Apple’s Vision Pro headset, released in February 2024, was Apple’s attempt to finally make “spatial computing” happen—but it clearly has a long way to go in terms of adoption. At an eye-watering starting price of $3,499, Vision Pro remains a niche device targeting early adopters, although Apple has made clear its ambitions to make the tech mainstream. The ubiquitous iPhone is a key stepping stone to get there: By infusing everyday features like wallpapers with AR flourishes, Apple is easing users into a world where spatial content feels normal, even expected.

By embedding spatial computing into users’ photos, arguably a person’s most personal digital real estate, Apple is training people to expect depth and dimension everywhere. And by making it available as a lock-screen feature, it’s even clearer that this is Apple’s attempt to gently introduce people to the direction it’s heading in as a company.

To be clear, 3D photos might seem like a novelty, but it has actual utility as well. By getting people excited about 3D effects on their multimedia, this is also Apple’s way of subtly encouraging developers to build AR-friendly applications, from gaming to social media to shopping. Hundreds of these applications exist on the Vision Pro headset, but the true opportunity lies with the iPhone, of which there are north of 1.3 billion owners.
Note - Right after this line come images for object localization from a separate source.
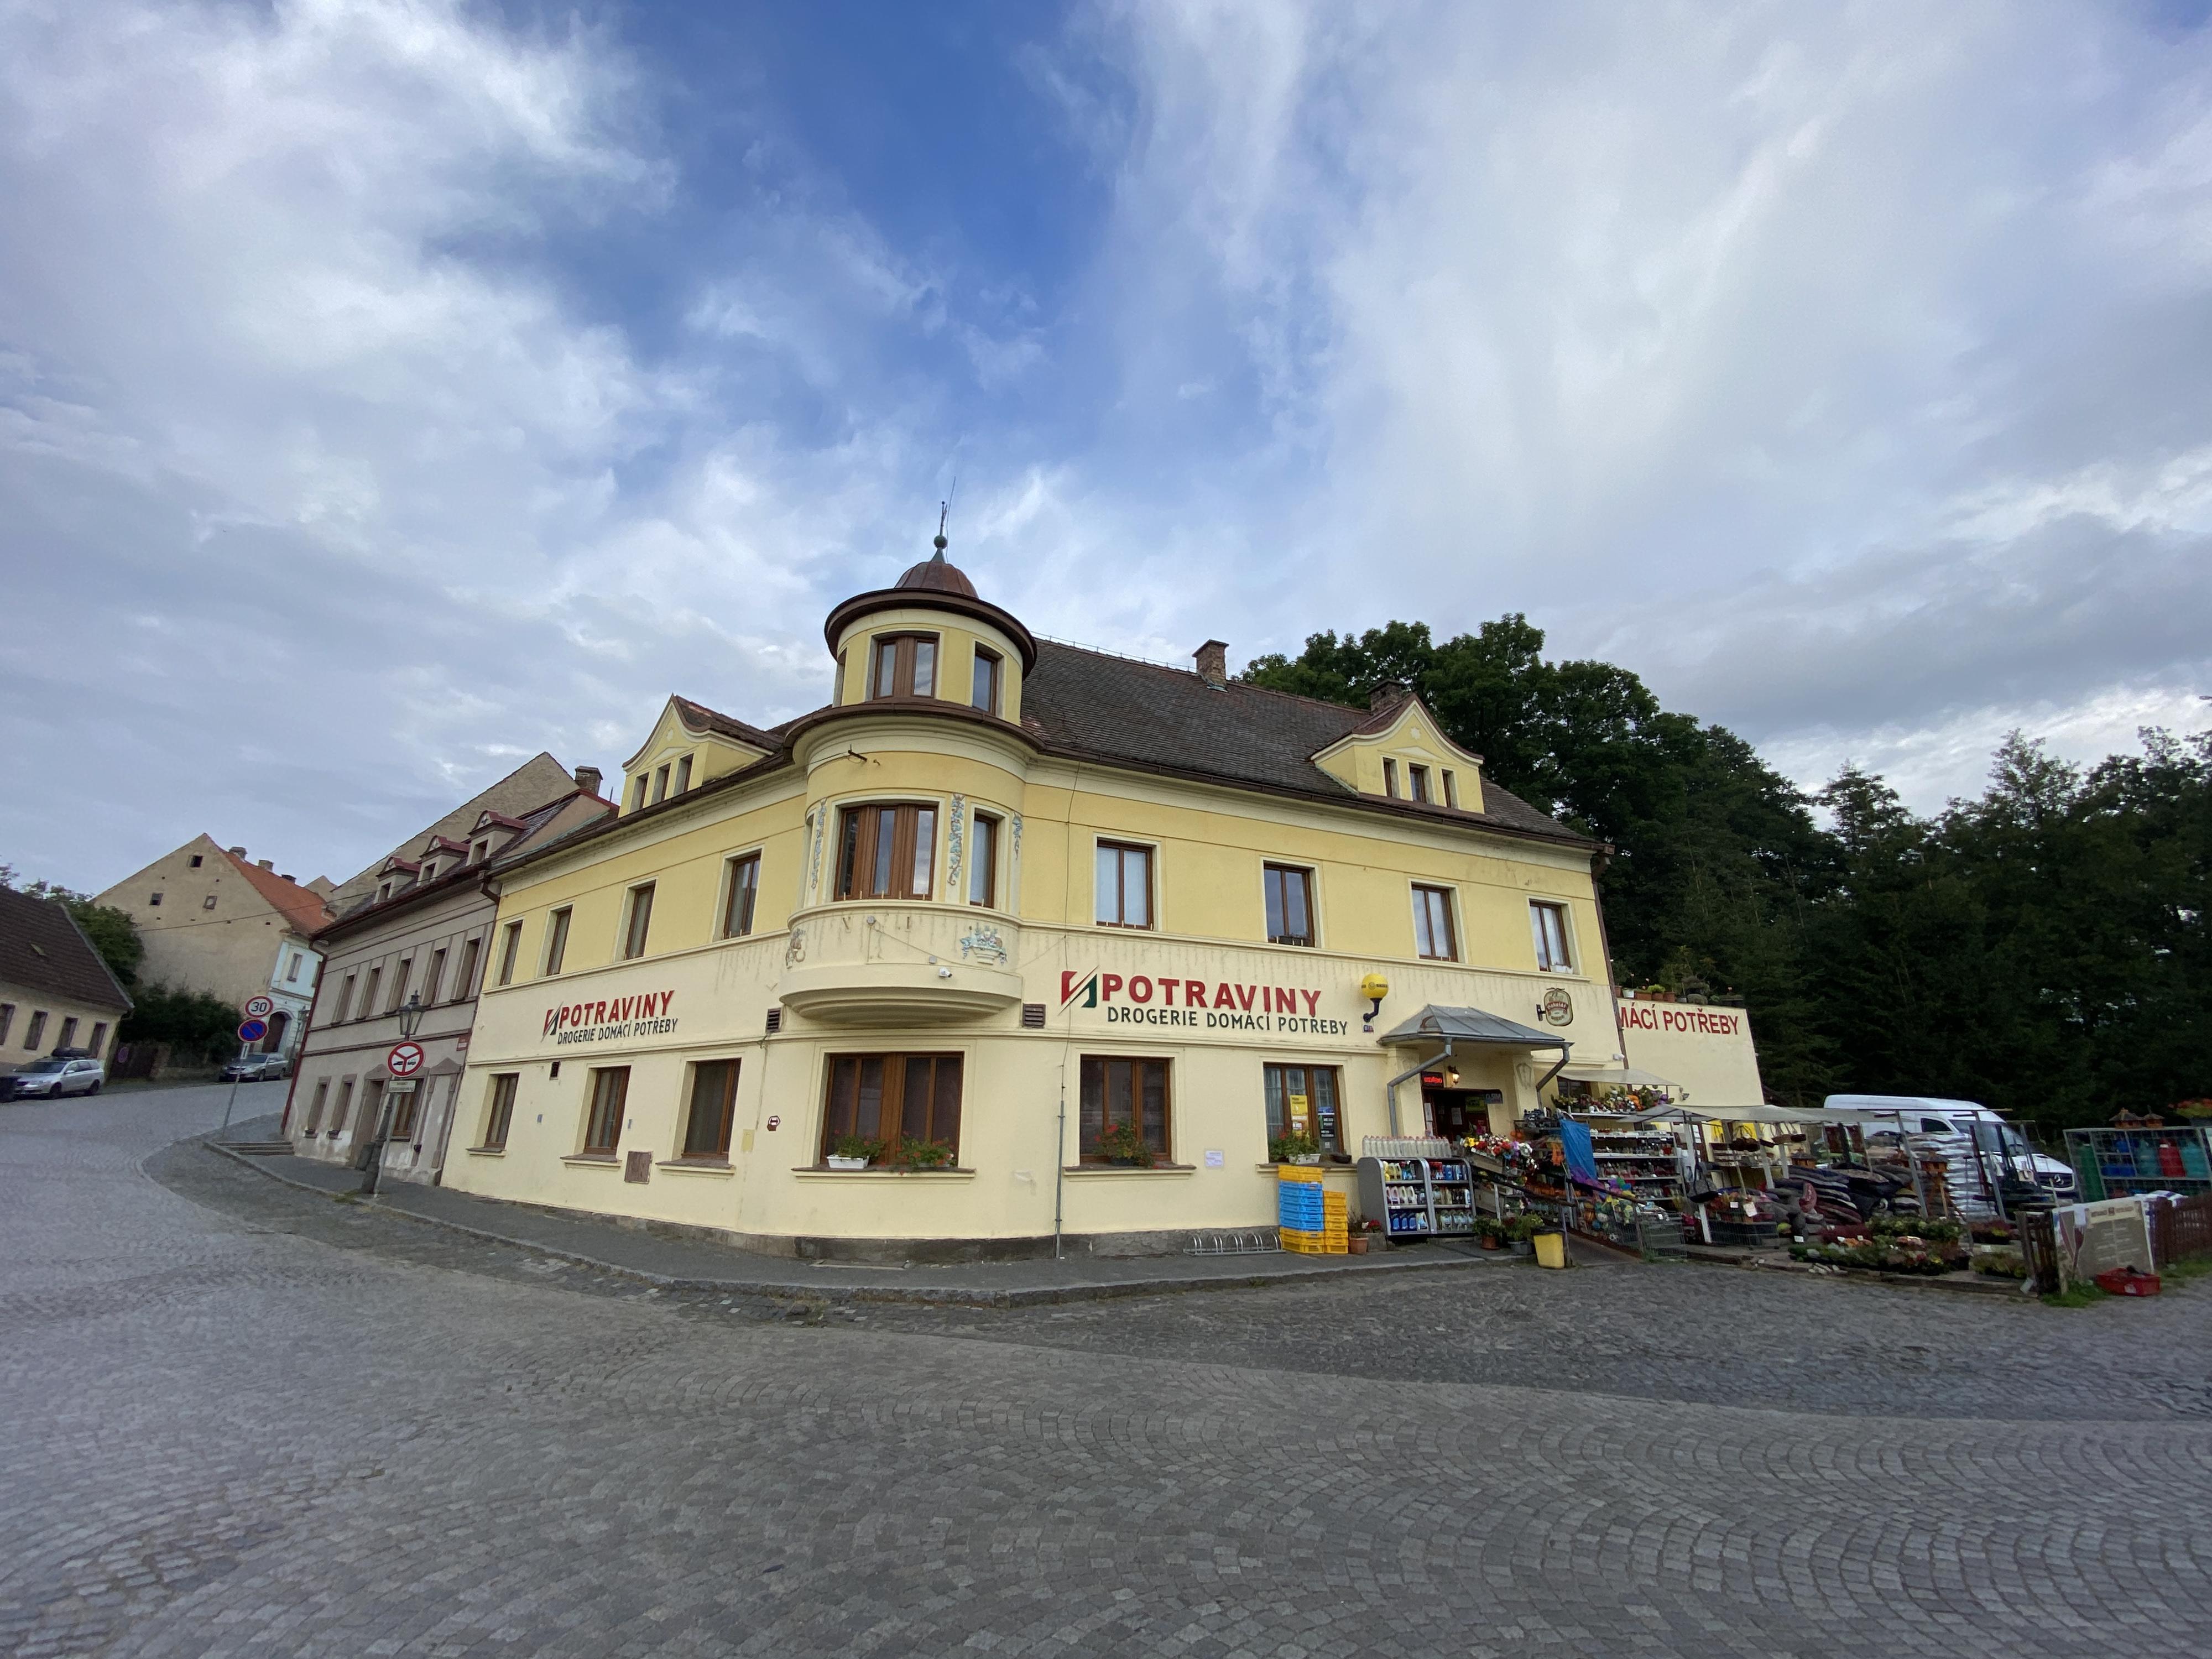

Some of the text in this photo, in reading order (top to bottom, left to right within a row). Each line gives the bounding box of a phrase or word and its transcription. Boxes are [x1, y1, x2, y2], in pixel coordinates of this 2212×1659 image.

[251, 1001, 267, 1012] 30
[1102, 973, 1321, 1016] POTRAVINY
[559, 990, 675, 1029] POTRAVINY
[1108, 1006, 1198, 1026] DROGERIE
[1207, 1009, 1271, 1030] DOMÁCÍ
[1662, 1008, 1739, 1035] POTŘEBY
[557, 1016, 679, 1045] DROGERIE DOMÁCÍ POTŘEBY
And, since this feature will sync across devices, you can expect spatial features like the 3D-photo feature in iOS 26 making its way across the entire Apple ecosystem.

While Apple fans and consumers are most likely focused on the other bells and whistles of iOS 26—the new app icons, phone features like call screening, and further personalization options for Messages—we may look back on this update as the first time Apple really started to lean into its AR future.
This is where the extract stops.